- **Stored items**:
________________________________________

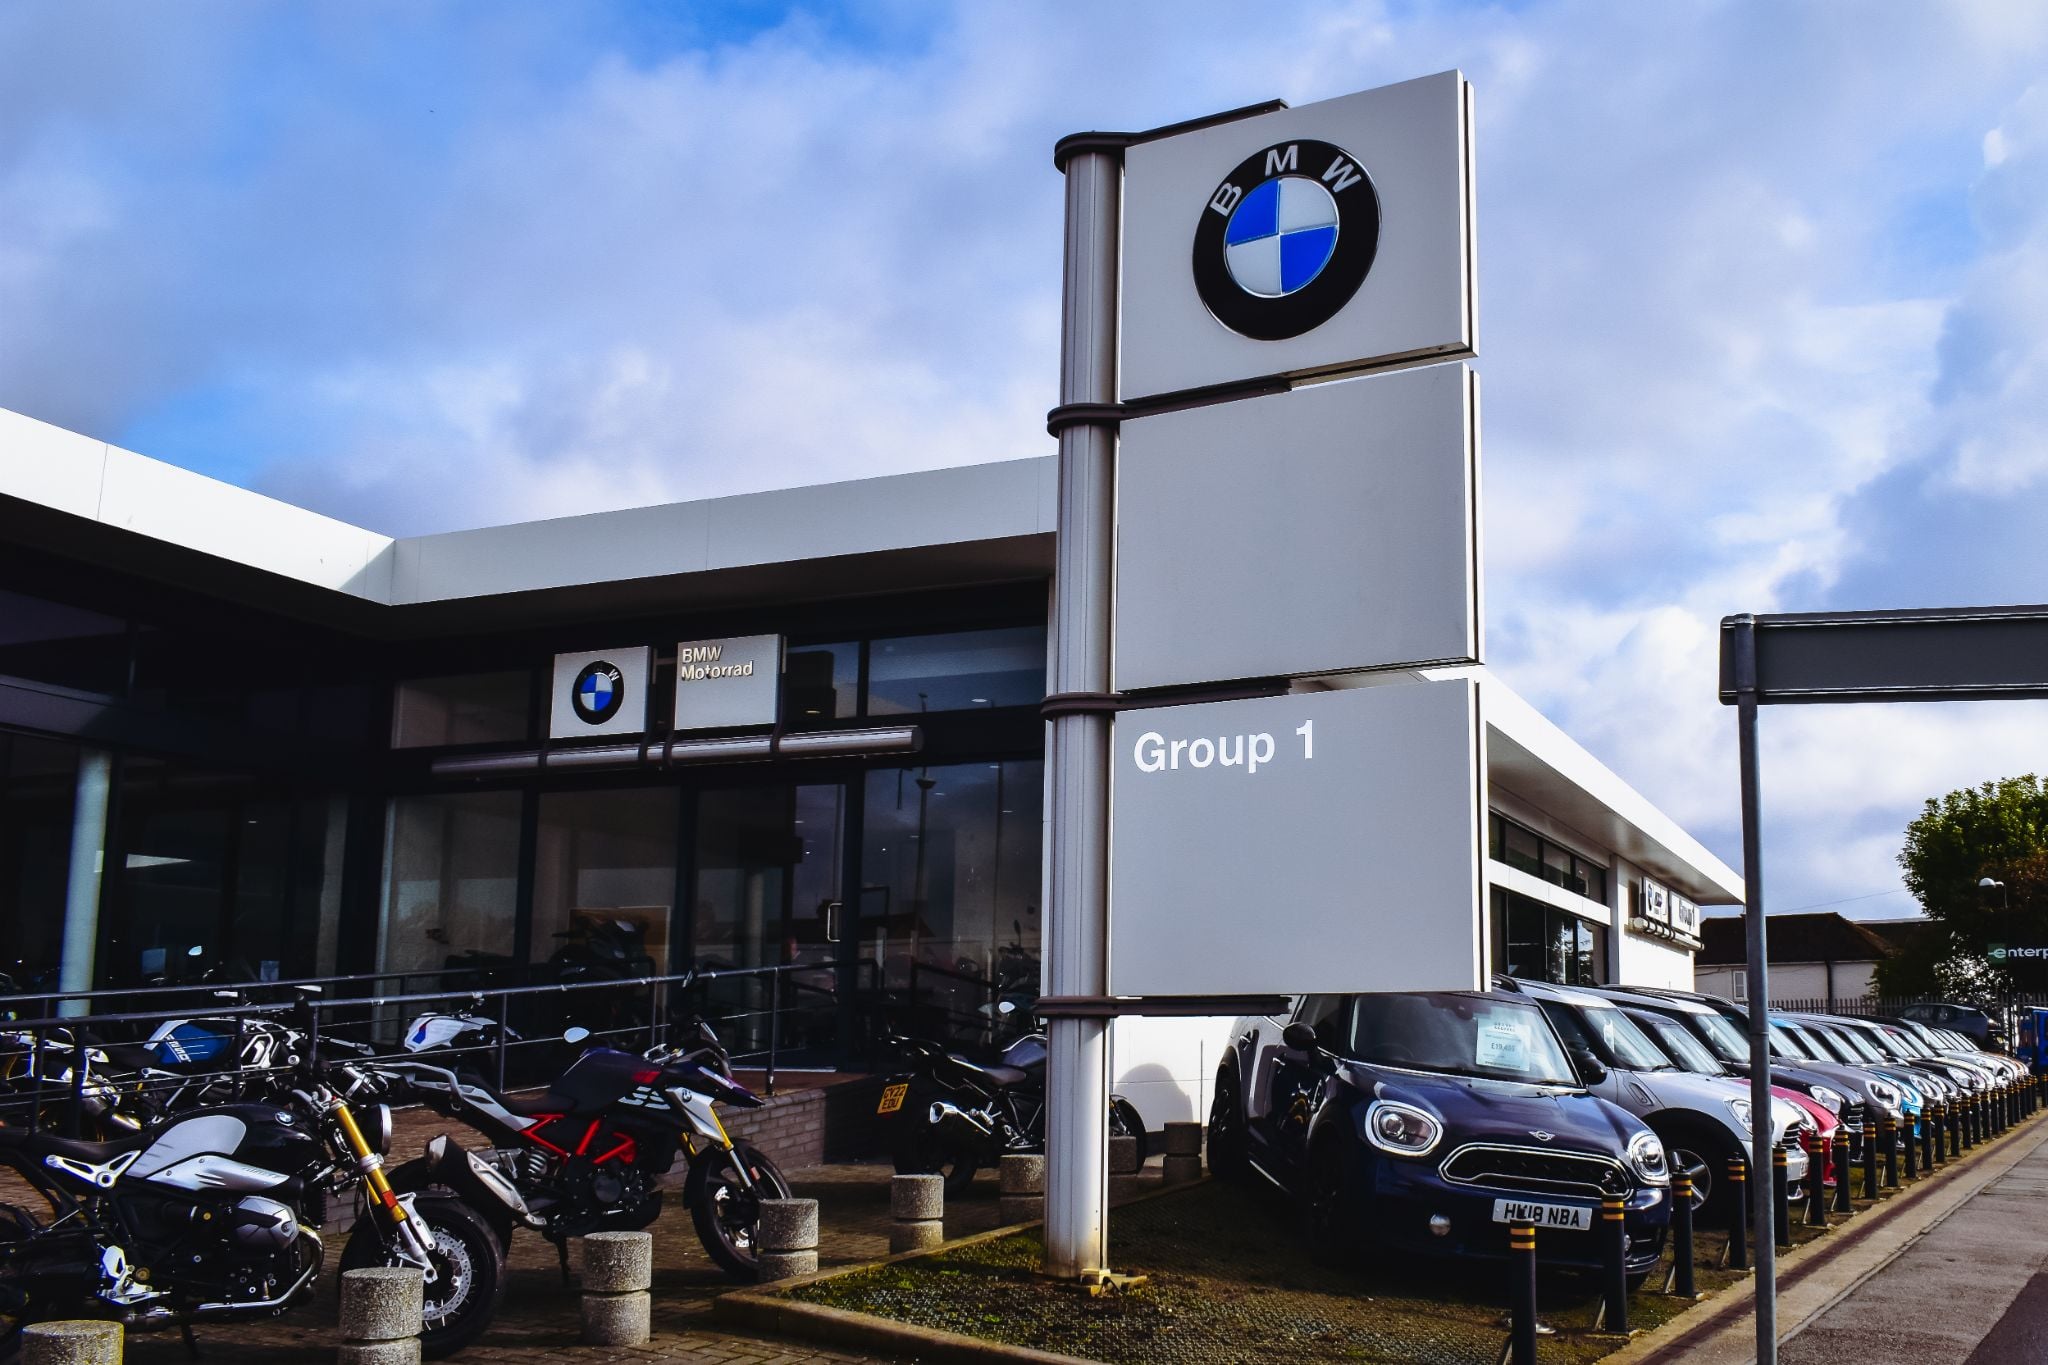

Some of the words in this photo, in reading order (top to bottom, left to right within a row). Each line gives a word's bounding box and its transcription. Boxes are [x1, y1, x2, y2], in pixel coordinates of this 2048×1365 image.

[1210, 144, 1362, 217] BMW
[682, 645, 722, 663] BMW
[681, 660, 754, 680] Motorrad
[1134, 731, 1275, 774] Group
[1296, 719, 1313, 760] 1
[1547, 1207, 1580, 1227] NBA

________________________________________

Would you set down the records above once more, exactly, with the pictures removed?

Some of the words in this photo, in reading order (top to bottom, left to right within a row). Each line gives a word's bounding box and its transcription. Boxes are [x1, y1, x2, y2], in pixel coordinates of this 2048×1365 image.

[1210, 144, 1362, 217] BMW
[682, 645, 722, 663] BMW
[681, 660, 754, 680] Motorrad
[1134, 731, 1275, 774] Group
[1296, 719, 1313, 760] 1
[1547, 1207, 1580, 1227] NBA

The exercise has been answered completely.